--- Data for processing Enclosed Below ---

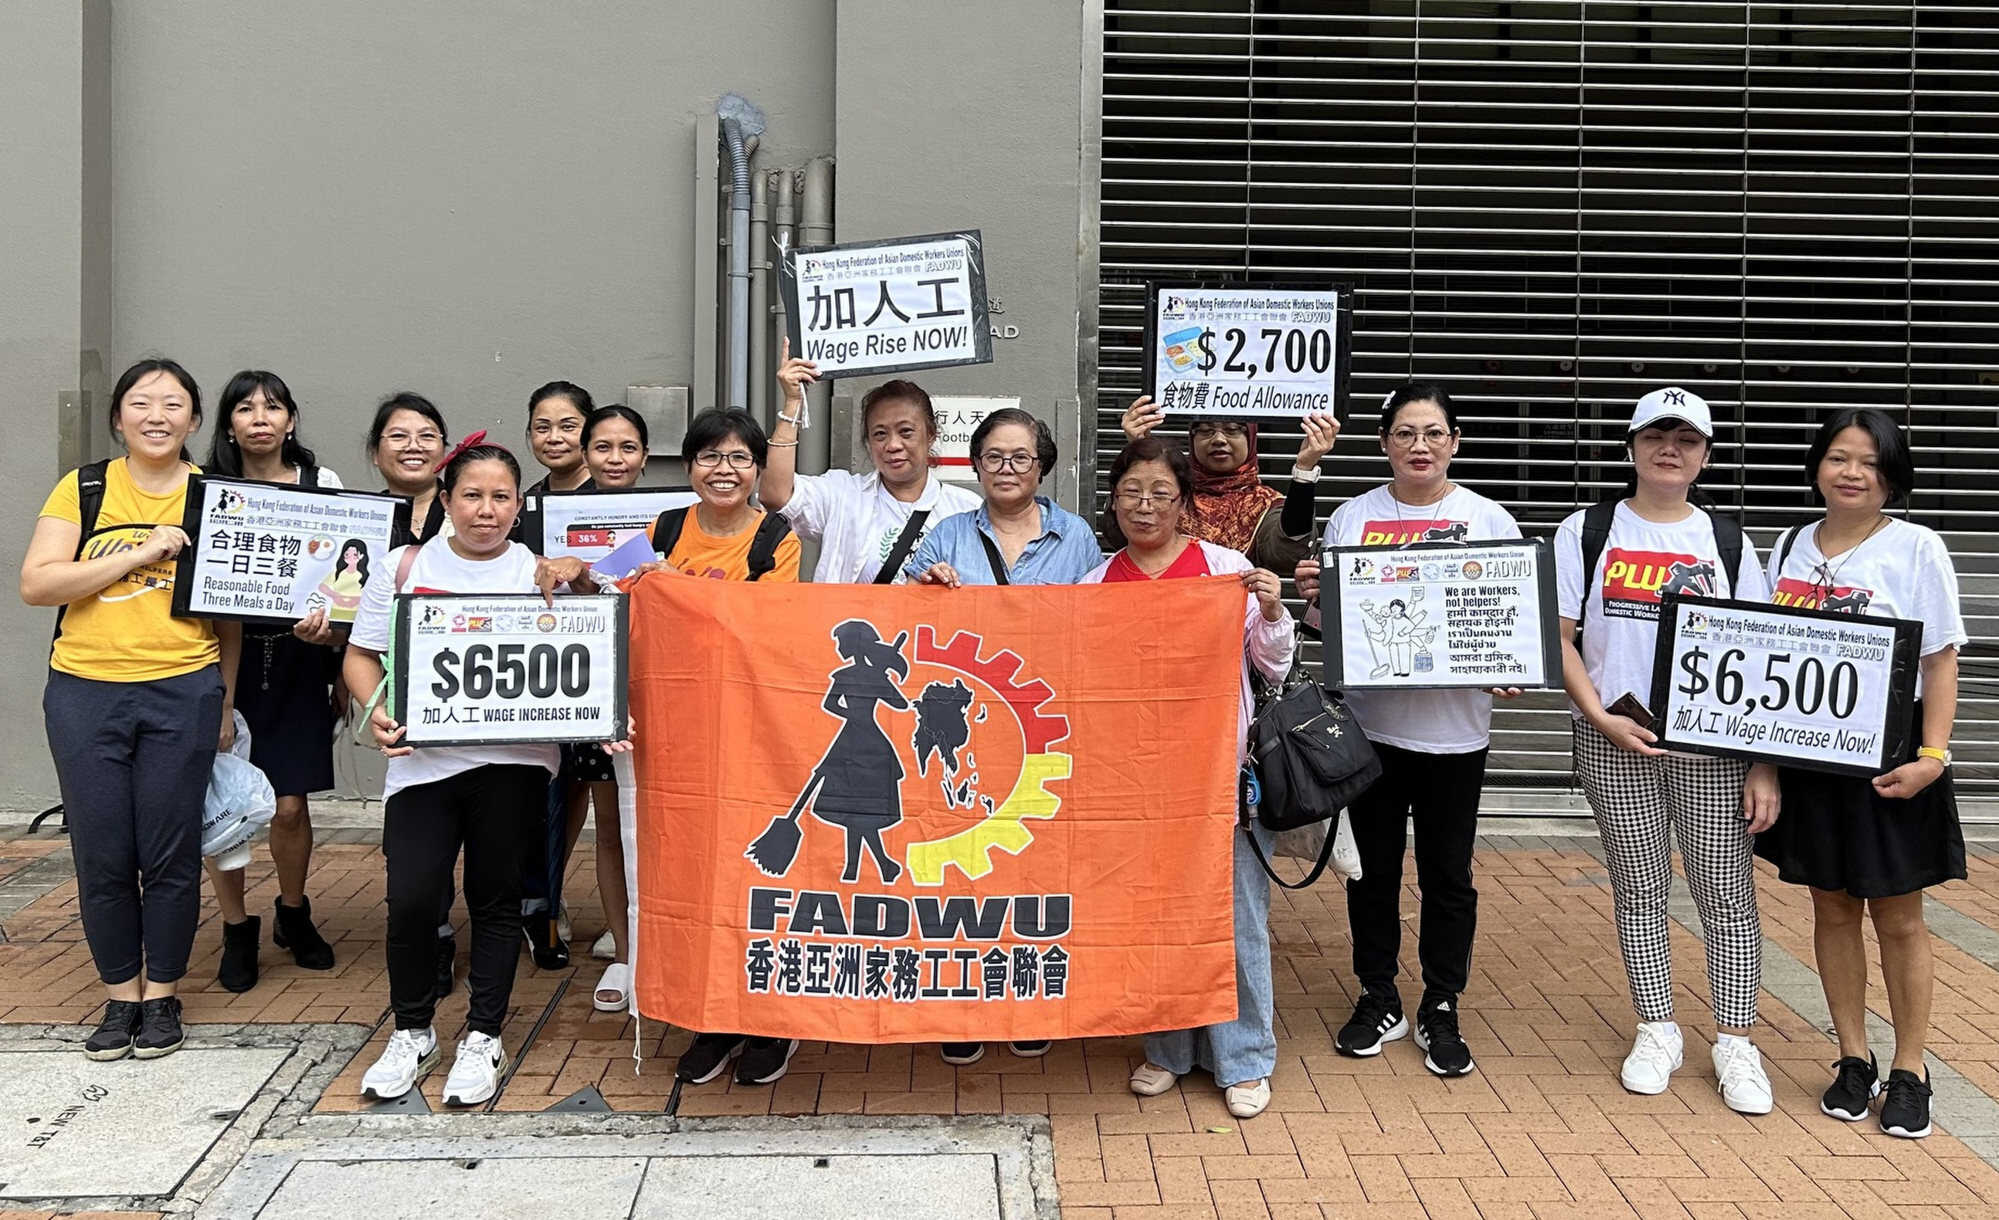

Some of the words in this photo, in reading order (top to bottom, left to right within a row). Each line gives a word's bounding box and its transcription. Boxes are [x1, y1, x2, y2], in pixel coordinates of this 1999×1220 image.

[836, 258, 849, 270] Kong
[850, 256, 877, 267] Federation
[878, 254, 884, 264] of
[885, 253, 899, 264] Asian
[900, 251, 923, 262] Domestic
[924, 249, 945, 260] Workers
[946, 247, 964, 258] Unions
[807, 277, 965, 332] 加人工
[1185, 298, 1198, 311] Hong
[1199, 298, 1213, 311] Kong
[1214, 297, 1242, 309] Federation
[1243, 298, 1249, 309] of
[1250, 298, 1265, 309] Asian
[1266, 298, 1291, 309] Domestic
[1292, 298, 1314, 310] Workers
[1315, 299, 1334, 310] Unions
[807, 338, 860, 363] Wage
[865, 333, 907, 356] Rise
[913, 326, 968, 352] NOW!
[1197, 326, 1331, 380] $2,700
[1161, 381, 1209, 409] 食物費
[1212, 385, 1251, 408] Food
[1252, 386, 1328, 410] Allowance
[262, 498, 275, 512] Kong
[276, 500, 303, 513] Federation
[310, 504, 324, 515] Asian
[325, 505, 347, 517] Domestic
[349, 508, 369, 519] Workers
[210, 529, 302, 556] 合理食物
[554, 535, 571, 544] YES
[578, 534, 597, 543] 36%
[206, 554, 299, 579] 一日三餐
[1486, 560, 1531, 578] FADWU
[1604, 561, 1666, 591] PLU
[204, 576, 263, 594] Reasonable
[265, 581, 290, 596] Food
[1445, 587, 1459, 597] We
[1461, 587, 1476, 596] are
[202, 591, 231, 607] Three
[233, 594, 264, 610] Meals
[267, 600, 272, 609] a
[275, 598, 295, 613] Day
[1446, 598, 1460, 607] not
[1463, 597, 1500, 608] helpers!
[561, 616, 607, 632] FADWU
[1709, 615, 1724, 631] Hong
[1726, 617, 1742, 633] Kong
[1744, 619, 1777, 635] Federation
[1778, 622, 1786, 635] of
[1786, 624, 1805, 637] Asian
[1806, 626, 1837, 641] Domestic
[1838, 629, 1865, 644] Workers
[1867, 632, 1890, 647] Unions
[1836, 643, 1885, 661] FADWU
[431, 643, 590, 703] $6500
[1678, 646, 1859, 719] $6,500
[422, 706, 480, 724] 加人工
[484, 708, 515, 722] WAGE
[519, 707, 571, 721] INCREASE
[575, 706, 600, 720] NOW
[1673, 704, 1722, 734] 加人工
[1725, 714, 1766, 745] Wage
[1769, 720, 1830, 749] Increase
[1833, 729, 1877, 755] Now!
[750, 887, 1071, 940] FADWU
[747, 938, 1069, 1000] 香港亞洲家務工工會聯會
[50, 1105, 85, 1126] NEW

--- End of Enclosed Data for processing ---

● **Problem description**
Write all the entries again word for word, minus the pictures.

● **Written answer**
Some of the words in this photo, in reading order (top to bottom, left to right within a row). Each line gives a word's bounding box and its transcription. Boxes are [x1, y1, x2, y2], in pixel coordinates of this 1999×1220 image.

[836, 258, 849, 270] Kong
[850, 256, 877, 267] Federation
[878, 254, 884, 264] of
[885, 253, 899, 264] Asian
[900, 251, 923, 262] Domestic
[924, 249, 945, 260] Workers
[946, 247, 964, 258] Unions
[807, 277, 965, 332] 加人工
[1185, 298, 1198, 311] Hong
[1199, 298, 1213, 311] Kong
[1214, 297, 1242, 309] Federation
[1243, 298, 1249, 309] of
[1250, 298, 1265, 309] Asian
[1266, 298, 1291, 309] Domestic
[1292, 298, 1314, 310] Workers
[1315, 299, 1334, 310] Unions
[807, 338, 860, 363] Wage
[865, 333, 907, 356] Rise
[913, 326, 968, 352] NOW!
[1197, 326, 1331, 380] $2,700
[1161, 381, 1209, 409] 食物費
[1212, 385, 1251, 408] Food
[1252, 386, 1328, 410] Allowance
[262, 498, 275, 512] Kong
[276, 500, 303, 513] Federation
[310, 504, 324, 515] Asian
[325, 505, 347, 517] Domestic
[349, 508, 369, 519] Workers
[210, 529, 302, 556] 合理食物
[554, 535, 571, 544] YES
[578, 534, 597, 543] 36%
[206, 554, 299, 579] 一日三餐
[1486, 560, 1531, 578] FADWU
[1604, 561, 1666, 591] PLU
[204, 576, 263, 594] Reasonable
[265, 581, 290, 596] Food
[1445, 587, 1459, 597] We
[1461, 587, 1476, 596] are
[202, 591, 231, 607] Three
[233, 594, 264, 610] Meals
[267, 600, 272, 609] a
[275, 598, 295, 613] Day
[1446, 598, 1460, 607] not
[1463, 597, 1500, 608] helpers!
[561, 616, 607, 632] FADWU
[1709, 615, 1724, 631] Hong
[1726, 617, 1742, 633] Kong
[1744, 619, 1777, 635] Federation
[1778, 622, 1786, 635] of
[1786, 624, 1805, 637] Asian
[1806, 626, 1837, 641] Domestic
[1838, 629, 1865, 644] Workers
[1867, 632, 1890, 647] Unions
[1836, 643, 1885, 661] FADWU
[431, 643, 590, 703] $6500
[1678, 646, 1859, 719] $6,500
[422, 706, 480, 724] 加人工
[484, 708, 515, 722] WAGE
[519, 707, 571, 721] INCREASE
[575, 706, 600, 720] NOW
[1673, 704, 1722, 734] 加人工
[1725, 714, 1766, 745] Wage
[1769, 720, 1830, 749] Increase
[1833, 729, 1877, 755] Now!
[750, 887, 1071, 940] FADWU
[747, 938, 1069, 1000] 香港亞洲家務工工會聯會
[50, 1105, 85, 1126] NEW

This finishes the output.